Oleh: Dr. H. Ijang Faisal, S.Ag., M.Si
Ketua Ikatan Persaudaraan Haji Indonesia/IPHI Jawa Barat
Penyelenggaraan ibadah haji tahun 2025 menjadi sorotan tajam di tengah harapan besar umat Islam Indonesia akan pelayanan yang semakin baik. Sayangnya, alih-alih perbaikan, tahun ini justru ditandai dengan berbagai kekacauan sistemik yang membebani jamaah haji Indonesia (banyak di antaranya adalah lansia dan warga dari pelosok daerah) yang seharusnya dimuliakan sebagai tamu-tamu Allah dengan pelayanan prima justru malah merasakan sebaliknya “didoreksaken”.
Sebagai organisasi alumni haji terbesar di Indonesia, IPHI Jawa Barat menerima banyak laporan, baik dari anggota kami yang menjadi jamaah reguler, maupun dari mantan petugas kloter yang tahun ini merasakan langsung betapa buruknya tata kelola haji 2025 akibat penerapan sistem multi-syarikah yang tidak siap.
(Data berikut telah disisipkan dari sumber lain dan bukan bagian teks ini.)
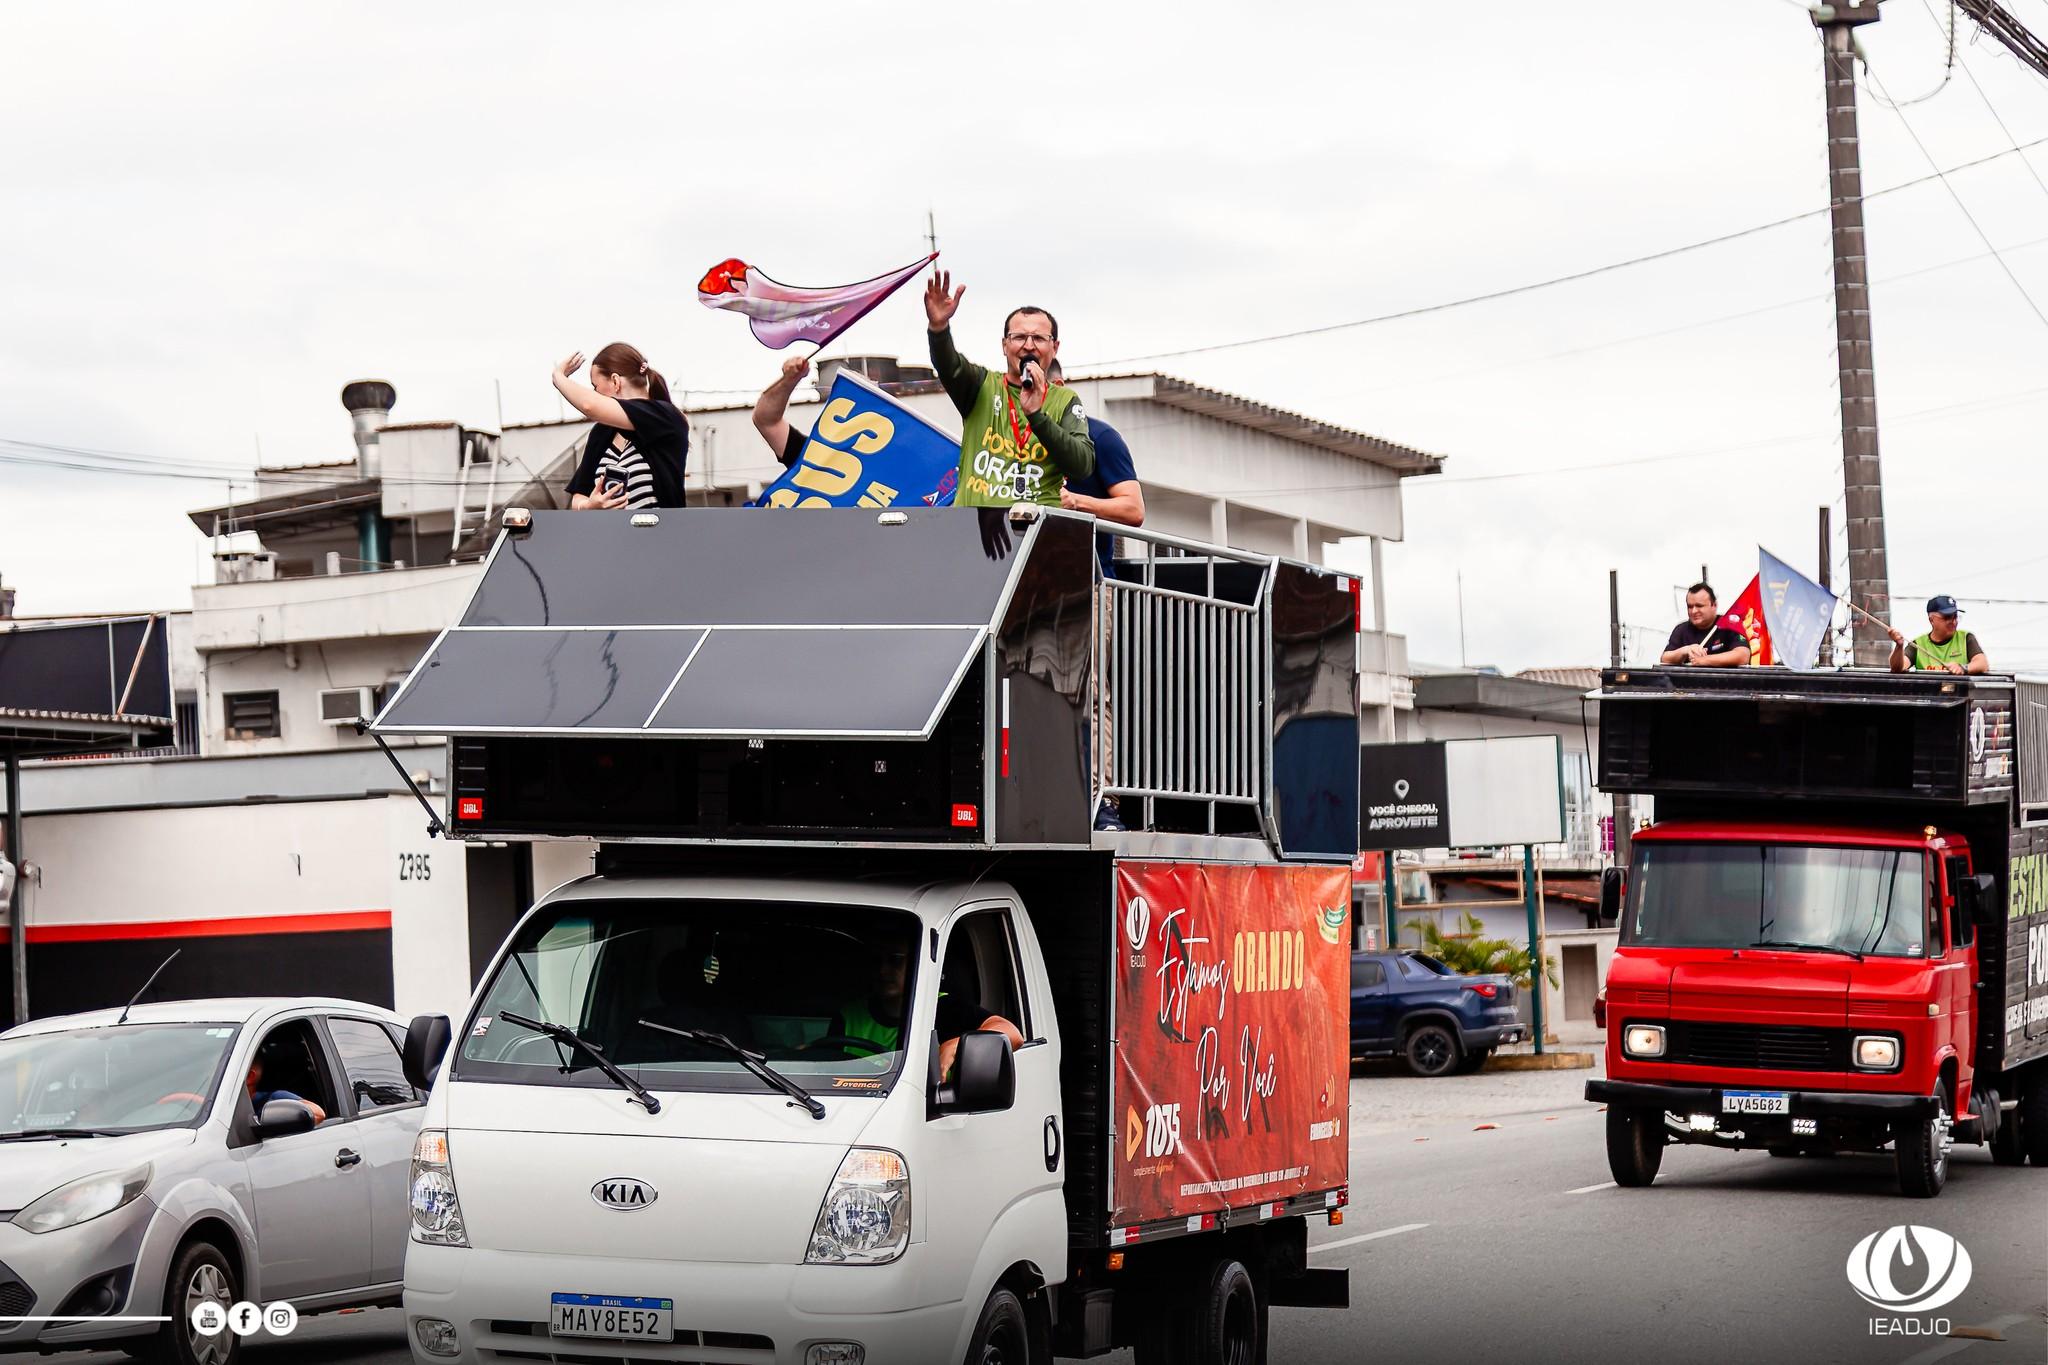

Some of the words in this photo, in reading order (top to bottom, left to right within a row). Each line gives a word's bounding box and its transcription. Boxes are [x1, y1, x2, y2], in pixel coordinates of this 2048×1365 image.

Perubahan mendasar dalam sistem pelayanan haji 2025 adalah pelimpahan tanggung jawab pelayanan dari satu muassasah (Asia Tenggara) menjadi delapan syarikah. Dalam teori, ini dimaksudkan agar pelayanan lebih kompetitif dan efisien. Namun dalam praktik, implementasinya tidak disertai mitigasi matang oleh Kementerian Agama.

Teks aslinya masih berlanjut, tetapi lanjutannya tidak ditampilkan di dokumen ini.